Abstract

Research has suggested that limited time, access, and understanding of evidence-based practices (EBPs) often limit rural practitioners from utilizing EBPs in everyday practice (Lee, 2016; Solomons & Spross, 2011). Telemedicine-based methods have been identified as a solution for implementing EBPs into rural and remote regions, where access to quality content may be limited (Parson, Merlin, Taylor, Wilkinson, & Hiller, 2003). However, little is known about training providers to deliver evidence-based psychosocial interventions by way of telemedicine. To better understand the benefits and barriers to using telemedicine to deliver EBP training, individuals who completed an online telemedicine course designed to certify them to deliver an evidence-based caregiver program were contacted. All participants had taken part in eight two-hour online training sessions. Audio recordings were created from these calls, transcribed, and coded for common themes. Participants were seven female adults with an average age of 58.43 years (SD = 13.41).
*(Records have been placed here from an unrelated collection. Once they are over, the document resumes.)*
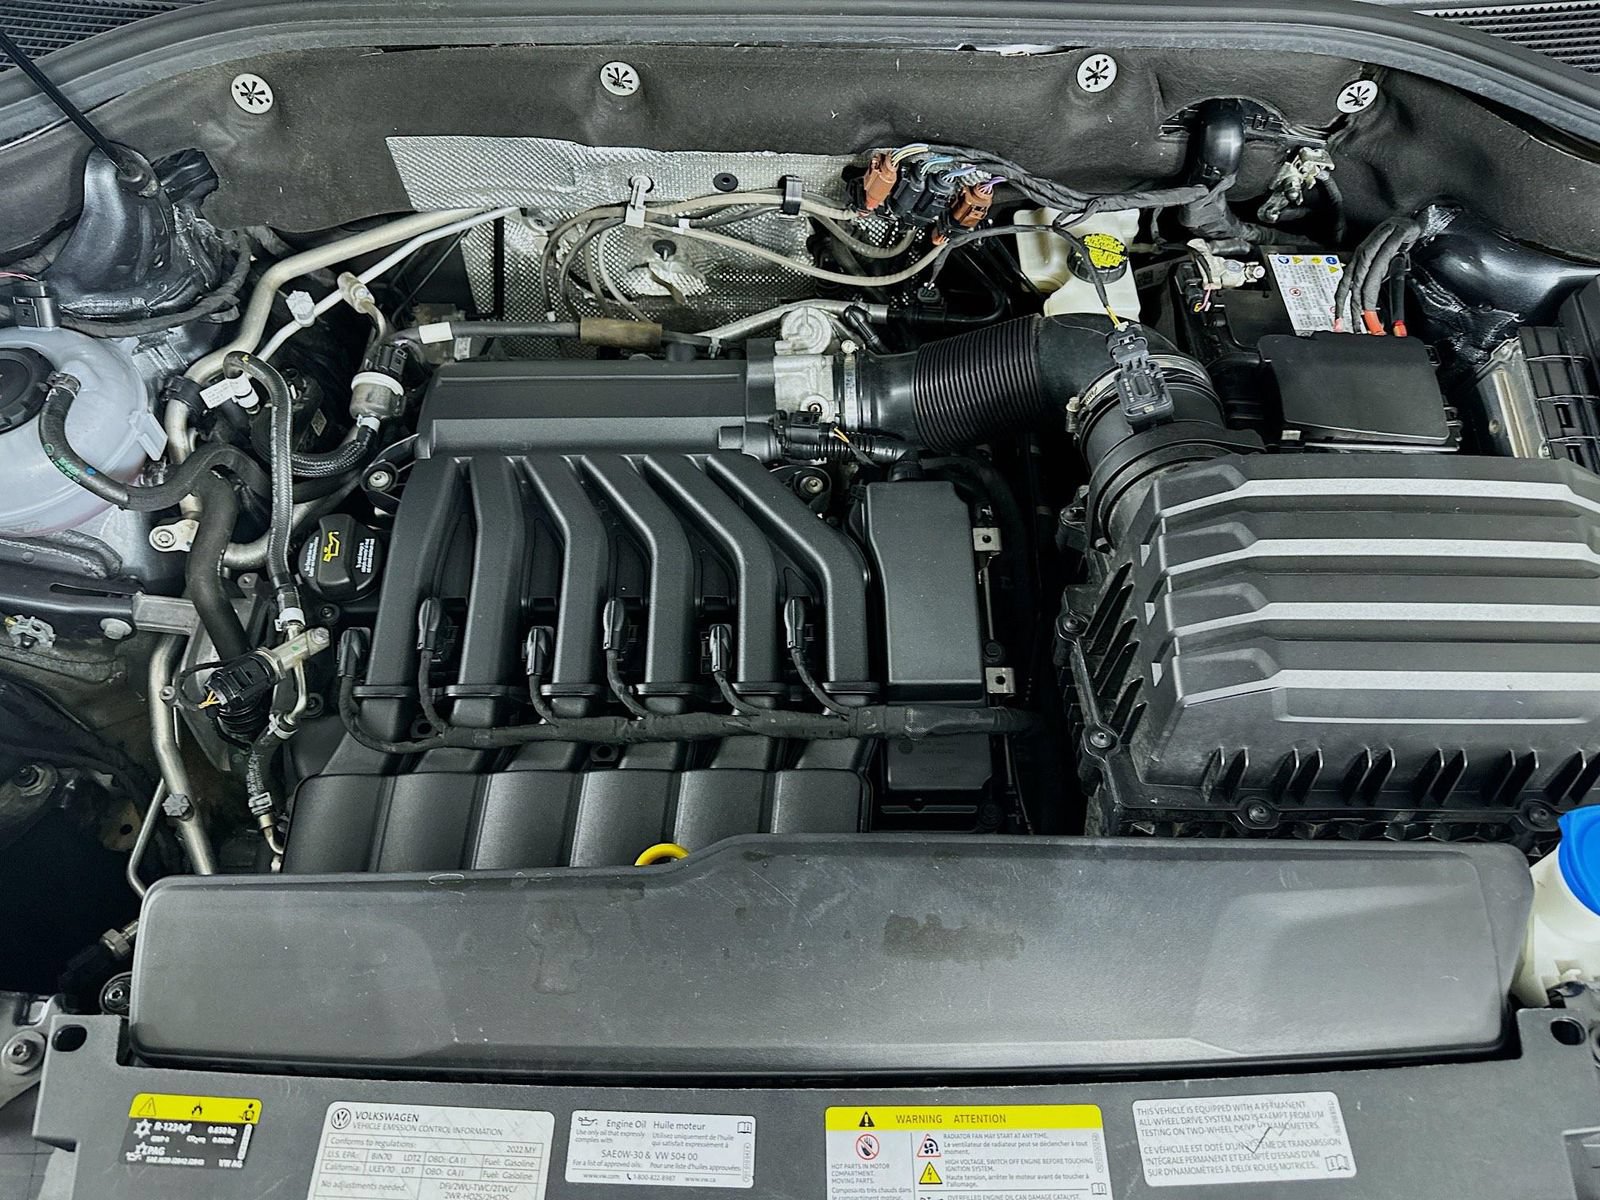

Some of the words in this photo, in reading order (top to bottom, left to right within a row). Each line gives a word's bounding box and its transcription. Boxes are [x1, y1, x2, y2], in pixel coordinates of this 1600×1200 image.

[1136, 1107, 1154, 1116] THIS
[1154, 1106, 1185, 1115] VEHICLE
[1186, 1105, 1194, 1114] IS
[1194, 1104, 1232, 1114] EQUIPPED
[1232, 1103, 1253, 1112] WITH
[354, 1111, 420, 1122] VOLKSWAGEN
[896, 1114, 943, 1124] WARNING
[953, 1114, 1006, 1124] ATTENTION
[1181, 1116, 1203, 1125] DRIVE
[1204, 1114, 1232, 1123] SYSTEM
[353, 1122, 381, 1131] VEHICLE
[383, 1123, 417, 1132] EMISSION
[418, 1124, 451, 1134] CONTROL
[453, 1127, 503, 1136] INFORMATION
[606, 1119, 634, 1130] Engine
[634, 1120, 647, 1129] Oil
[653, 1120, 675, 1130] Huile
[675, 1122, 706, 1131] moteur
[1140, 1128, 1172, 1137] TESTING
[1172, 1127, 1185, 1136] ON
[1186, 1125, 1234, 1135] TWO-WHEEL
[366, 1138, 373, 1146] to
[506, 1144, 524, 1153] 2022
[525, 1145, 537, 1154] MY
[1143, 1146, 1153, 1154] CE
[1190, 1144, 1203, 1153] EST
[644, 1150, 651, 1160] &
[654, 1151, 670, 1160] VW
[670, 1152, 686, 1160] 504
[687, 1152, 698, 1161] 00
[503, 1158, 536, 1168] Gasoline
[501, 1171, 534, 1180] Gasoline
All participants were employed in a rural setting, and the majority endorsed working in social work or medical professions. Two primary themes emerged as barriers to using a telemedicine platform to teach EBPs: (1) individual learning differences and (2) technology problems. Further, three themes emerged as benefits to using a telemedicine platform: (1) peer support, (2) facilitator competence, and (3) convenience. When considering the utilization of online telemedicine platforms to communicate EBPs, one must consider overcoming key barriers to effective training, such as establishing and maintaining rapport with and highlighting personal connections to trainees to maintain participant engagement.